It's not that journalists are often wrong, it's that journalists often say stuff that is obviously wrong to anyone who knows anything about the subject. And that indicates sloppy investigation, like not contacting Signal before reporting this story.
The question is are they more wrong than any other segment of the population that writes for consumption?
Journalists, unlike say bloggers or marketers or think tank authors or pundits, have a fairly robust ethics/rules system about how to publish. Does it fail them at times? Of course, but do they fail at a higher % than other outlets?
I’ve never seen any actual evidence to suggest that.
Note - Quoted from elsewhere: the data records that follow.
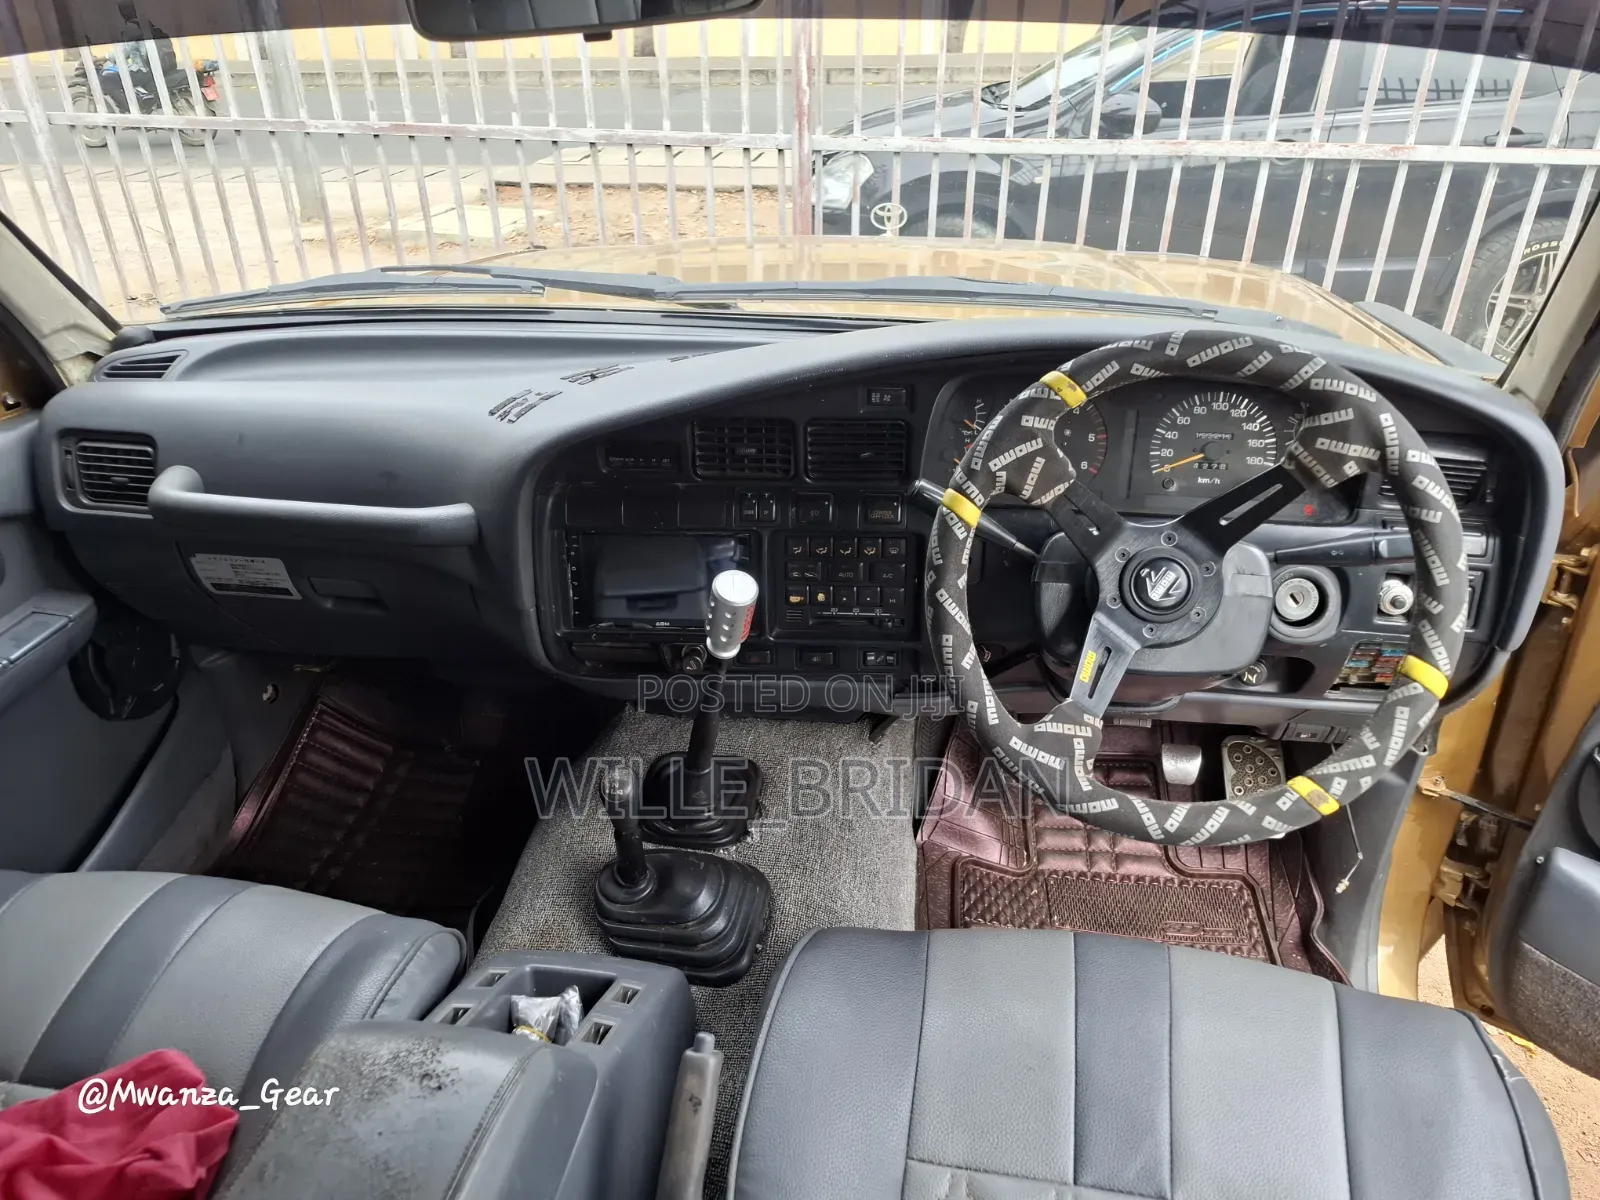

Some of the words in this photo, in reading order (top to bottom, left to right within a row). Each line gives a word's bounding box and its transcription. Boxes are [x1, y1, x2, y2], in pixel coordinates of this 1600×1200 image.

[1186, 337, 1253, 367] momo
[1310, 378, 1377, 402] momo
[1194, 406, 1207, 415] 80
[1211, 402, 1229, 411] 100
[1230, 409, 1247, 418] 120
[1177, 416, 1190, 425] 60
[1242, 422, 1260, 431] 140
[1088, 434, 1095, 442] 5
[1164, 431, 1178, 440] 40
[1247, 439, 1265, 448] 160
[1379, 412, 1399, 476] momo
[1160, 449, 1174, 457] 20
[1315, 438, 1381, 460] momo
[988, 438, 1043, 472] momo
[1246, 456, 1264, 465] 180
[1081, 462, 1088, 470] 6
[1198, 477, 1220, 485] km/h
[1150, 570, 1176, 601] momo
[1034, 722, 1092, 737] momo
[1383, 706, 1410, 766] momo
[1009, 736, 1065, 770] momo
[1073, 738, 1092, 791] momo
That there is a pithy quote from a Nobel prize winner isn’t interesting.
The point is that journalists tend to be a lot less reliable than the reading public seems to think they are.
Most people would have enough sense to take information with a grain of salt if the source is "I heard it from a guy who heard it from a guy." Even if the guy is reliable, who is to say that the other guy is reliable?
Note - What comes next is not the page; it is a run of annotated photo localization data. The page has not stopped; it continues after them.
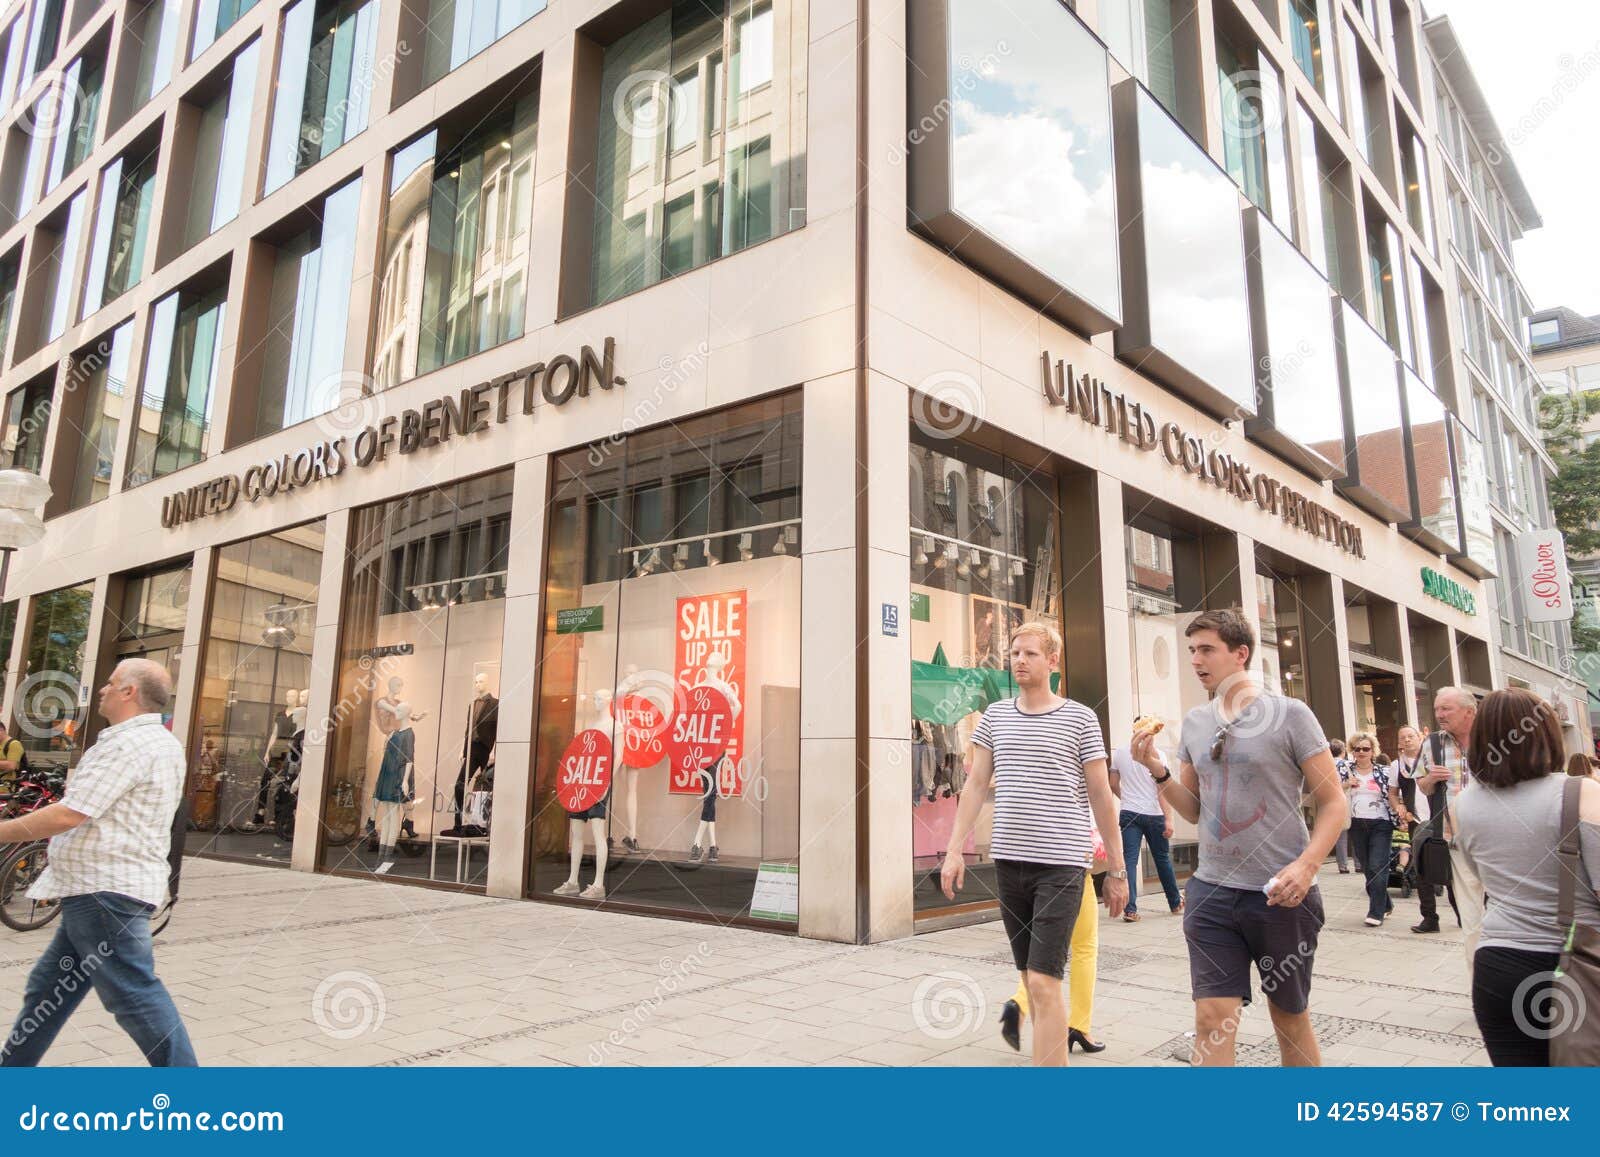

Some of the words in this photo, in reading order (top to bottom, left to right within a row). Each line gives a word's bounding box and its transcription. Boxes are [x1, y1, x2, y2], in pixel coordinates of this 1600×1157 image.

[1040, 350, 1159, 451] UNITED
[1160, 421, 1254, 502] COLORS
[1254, 472, 1281, 515] OF
[161, 473, 240, 529] UNITED
[242, 436, 347, 503] COLORS
[353, 415, 397, 468] OF
[1531, 541, 1562, 609] s.Oliver
[680, 598, 741, 641] SALE
[884, 606, 897, 621] 15
[686, 641, 707, 666] UP
[637, 710, 654, 728] TO
[673, 713, 724, 744] SALE
[563, 756, 607, 785] SALE
Journalists aren't random people who have "heard it from a guy who heard it from a guy". They do reporting: they call people, develop sources, and work with fact checkers. That doesn't make them right all the time, or mean you should read them uncritically. But, of course, the bullshit meme is that you shouldn't take them seriously at all. It's premised on holding journalists to a standard we don't hold doctors to, let alone software developers.